§ YOUR INSTRUCTIONS
Leave out any pictures and transcribe all other data below exactly.
··········
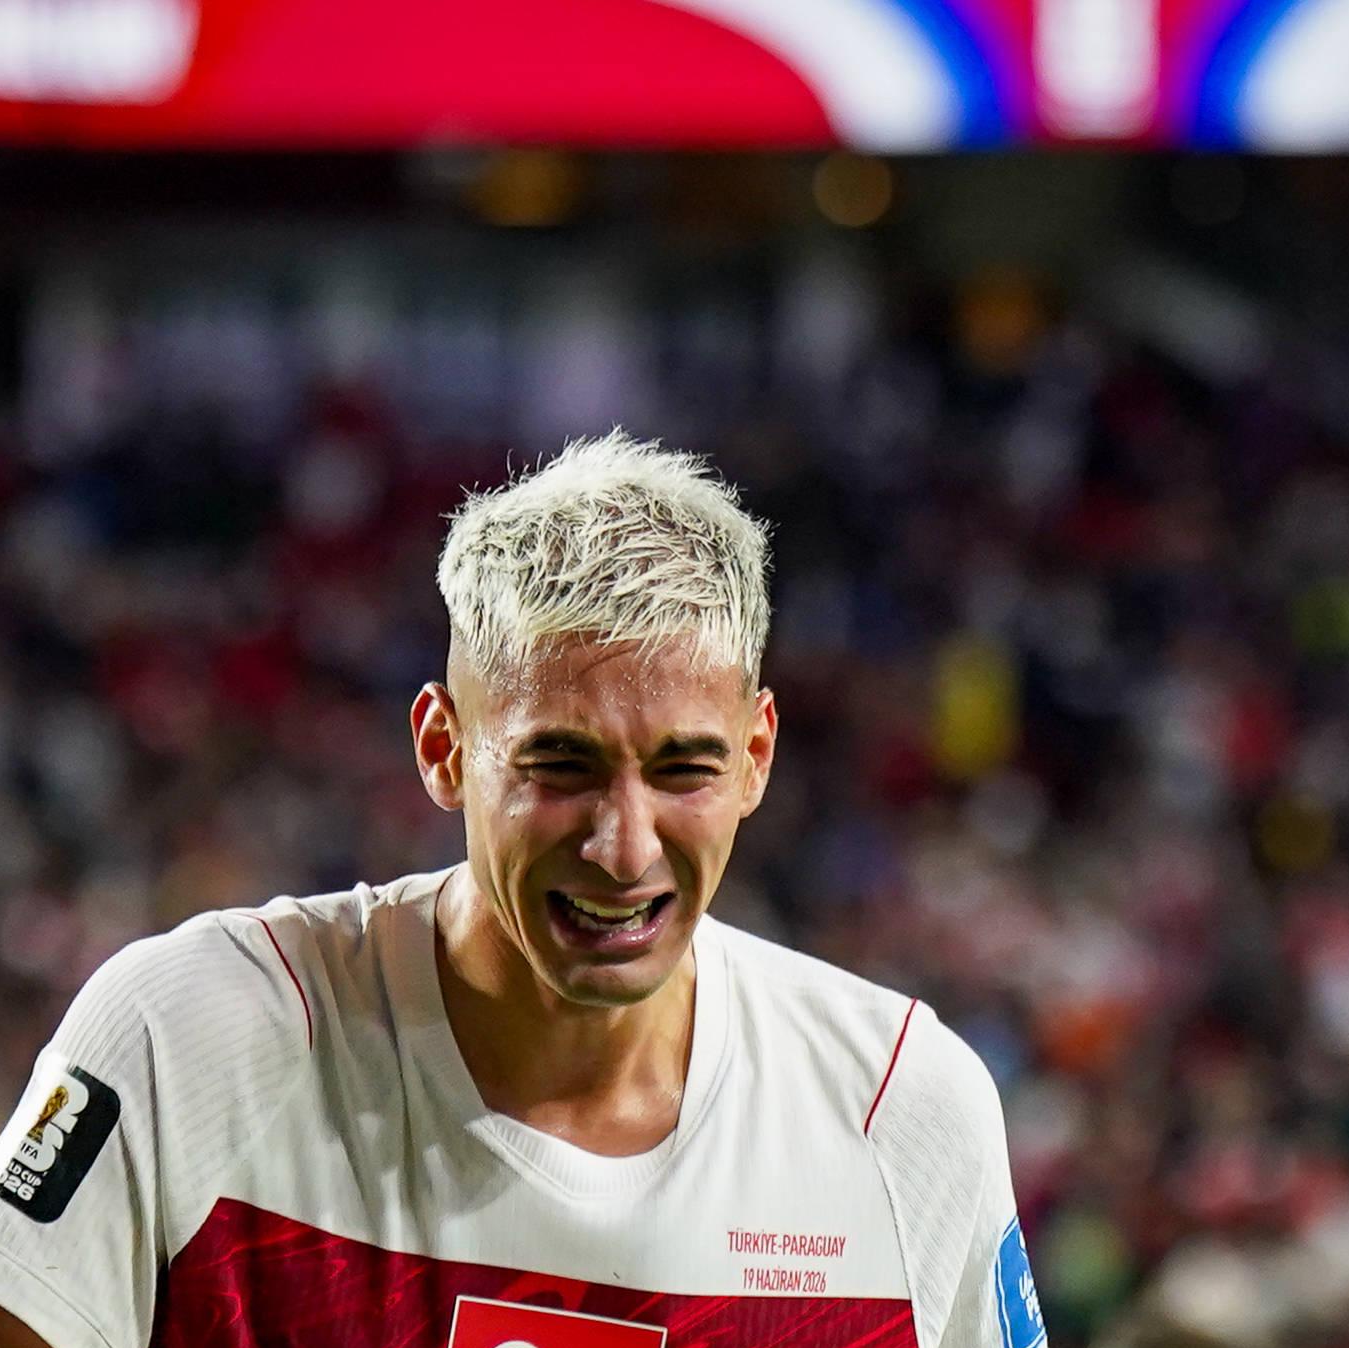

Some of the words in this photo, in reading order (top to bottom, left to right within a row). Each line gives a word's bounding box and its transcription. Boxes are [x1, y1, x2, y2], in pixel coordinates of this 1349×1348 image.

[21, 1170, 42, 1187] CUP
[743, 1267, 754, 1290] 19
[756, 1265, 801, 1292] HAZİRAN
[803, 1270, 827, 1293] 2026
··········
§ ANSWER SECTION
Some of the words in this photo, in reading order (top to bottom, left to right within a row). Each line gives a word's bounding box and its transcription. Boxes are [x1, y1, x2, y2], in pixel coordinates of this 1349×1348 image.

[21, 1170, 42, 1187] CUP
[743, 1267, 754, 1290] 19
[756, 1265, 801, 1292] HAZİRAN
[803, 1270, 827, 1293] 2026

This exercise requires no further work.